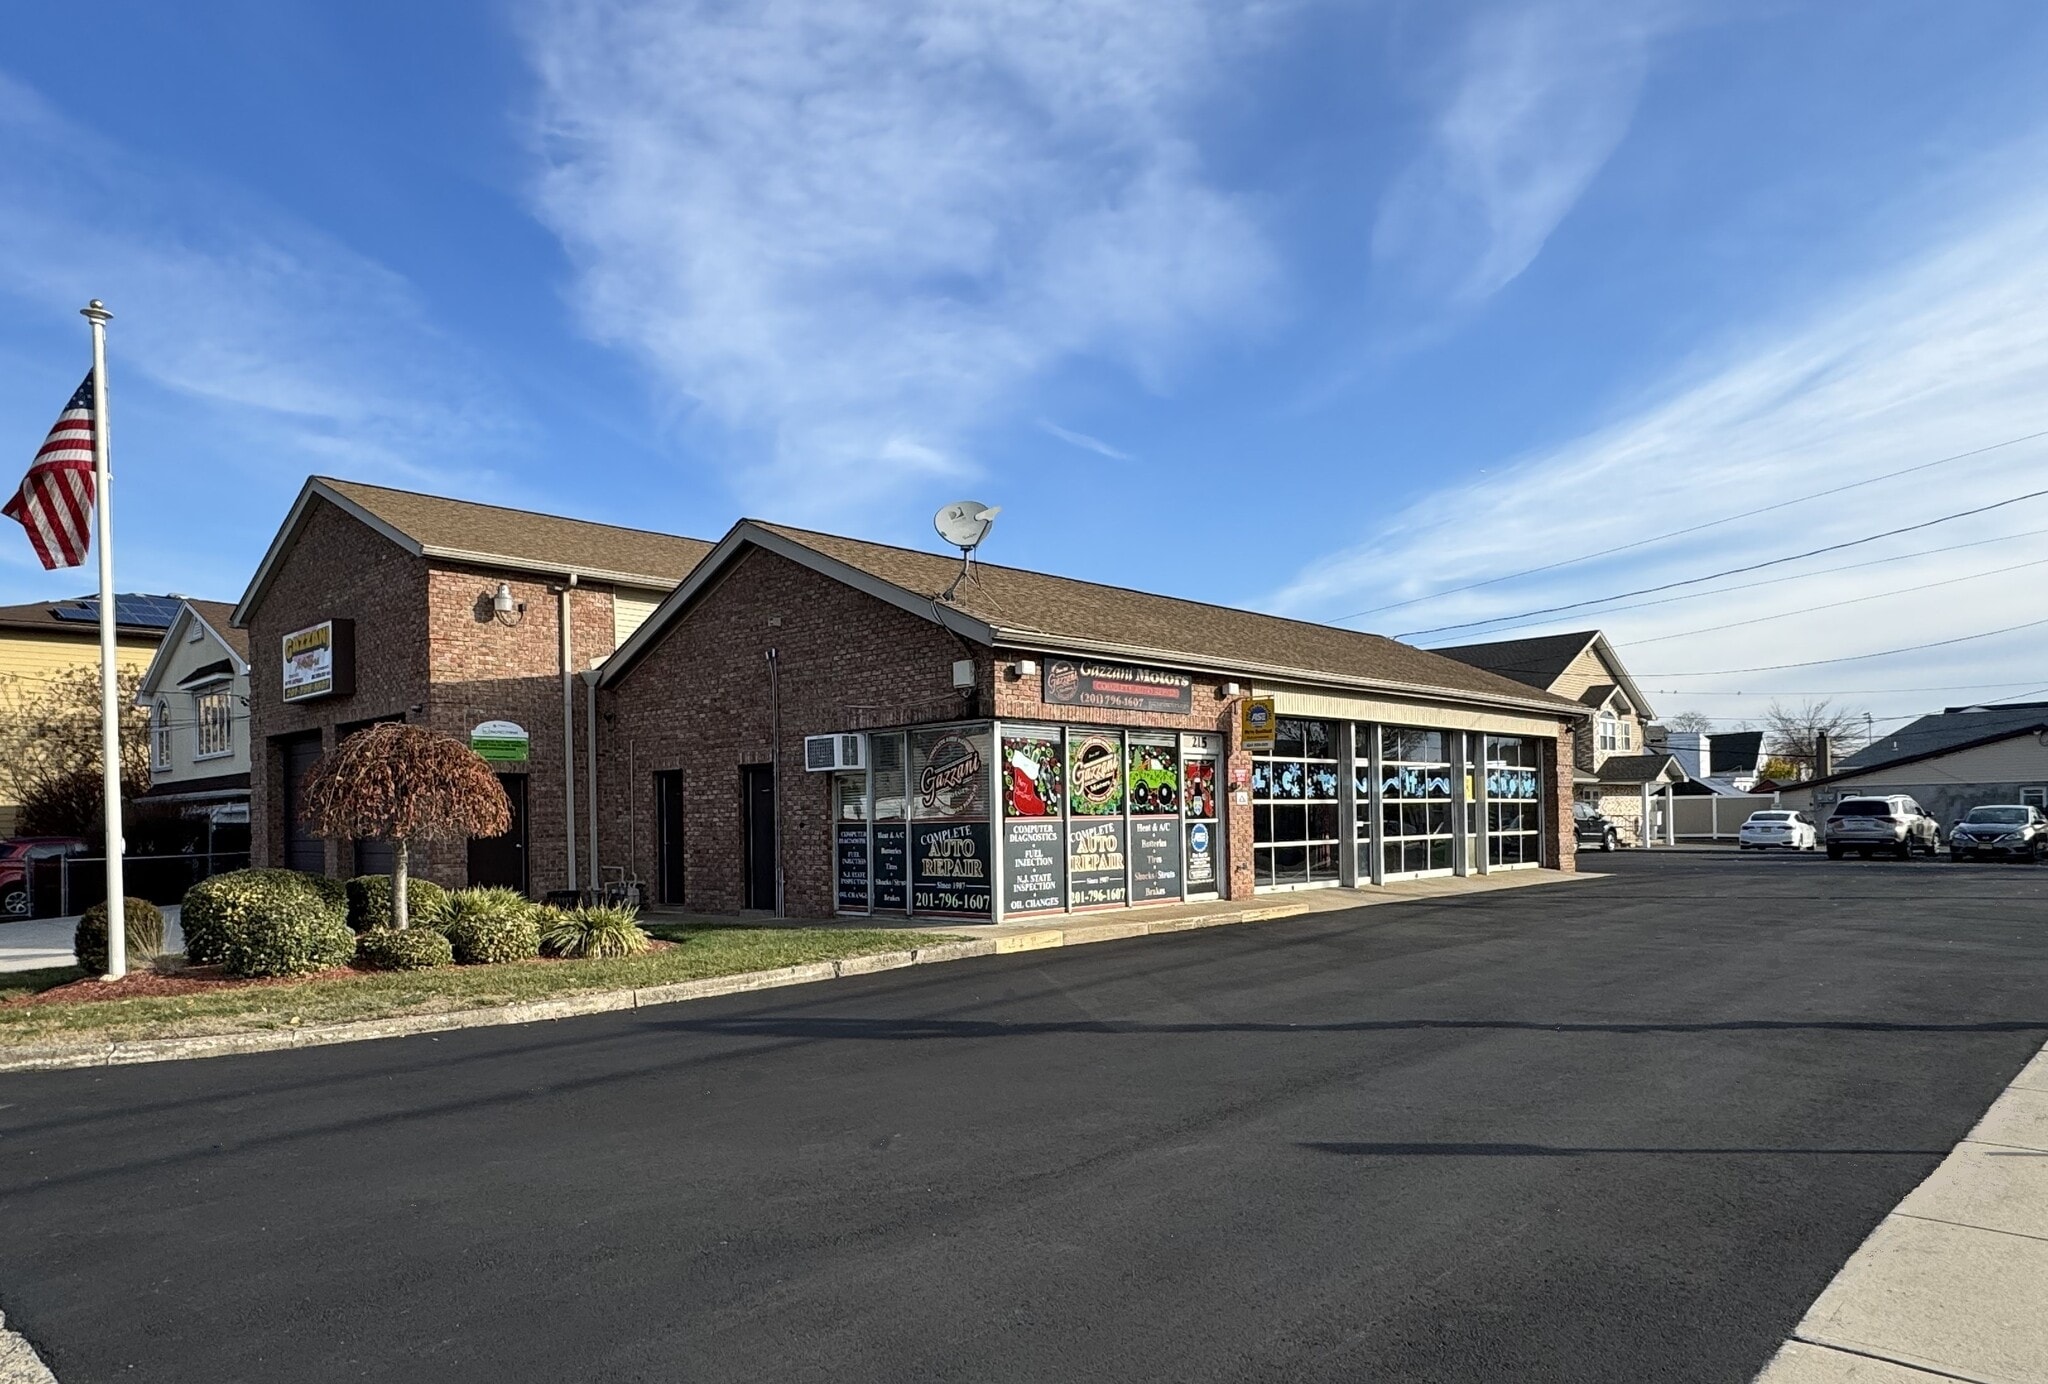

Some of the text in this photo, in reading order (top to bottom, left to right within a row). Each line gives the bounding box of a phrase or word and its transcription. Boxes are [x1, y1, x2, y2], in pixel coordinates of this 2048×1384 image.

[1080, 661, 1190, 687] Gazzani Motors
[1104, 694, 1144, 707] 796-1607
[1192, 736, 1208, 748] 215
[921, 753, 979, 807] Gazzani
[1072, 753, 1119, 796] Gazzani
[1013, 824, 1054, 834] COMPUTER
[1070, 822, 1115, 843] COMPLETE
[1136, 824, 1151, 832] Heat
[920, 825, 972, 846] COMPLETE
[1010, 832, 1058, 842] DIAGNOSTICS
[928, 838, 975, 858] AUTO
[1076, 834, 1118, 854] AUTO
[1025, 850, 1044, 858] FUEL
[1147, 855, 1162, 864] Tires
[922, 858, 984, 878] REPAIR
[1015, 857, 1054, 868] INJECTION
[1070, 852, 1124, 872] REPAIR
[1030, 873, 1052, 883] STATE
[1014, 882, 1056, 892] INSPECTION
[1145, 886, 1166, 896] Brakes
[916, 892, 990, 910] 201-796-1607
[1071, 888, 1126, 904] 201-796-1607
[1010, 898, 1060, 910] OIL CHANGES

++++

EXERCISE REQUIREMENTS:
An exact restatement of every record is required. Omit the images.

FINISHED EXERCISE:
Some of the text in this photo, in reading order (top to bottom, left to right within a row). Each line gives the bounding box of a phrase or word and its transcription. Boxes are [x1, y1, x2, y2], in pixel coordinates of this 2048×1384 image.

[1080, 661, 1190, 687] Gazzani Motors
[1104, 694, 1144, 707] 796-1607
[1192, 736, 1208, 748] 215
[921, 753, 979, 807] Gazzani
[1072, 753, 1119, 796] Gazzani
[1013, 824, 1054, 834] COMPUTER
[1070, 822, 1115, 843] COMPLETE
[1136, 824, 1151, 832] Heat
[920, 825, 972, 846] COMPLETE
[1010, 832, 1058, 842] DIAGNOSTICS
[928, 838, 975, 858] AUTO
[1076, 834, 1118, 854] AUTO
[1025, 850, 1044, 858] FUEL
[1147, 855, 1162, 864] Tires
[922, 858, 984, 878] REPAIR
[1015, 857, 1054, 868] INJECTION
[1070, 852, 1124, 872] REPAIR
[1030, 873, 1052, 883] STATE
[1014, 882, 1056, 892] INSPECTION
[1145, 886, 1166, 896] Brakes
[916, 892, 990, 910] 201-796-1607
[1071, 888, 1126, 904] 201-796-1607
[1010, 898, 1060, 910] OIL CHANGES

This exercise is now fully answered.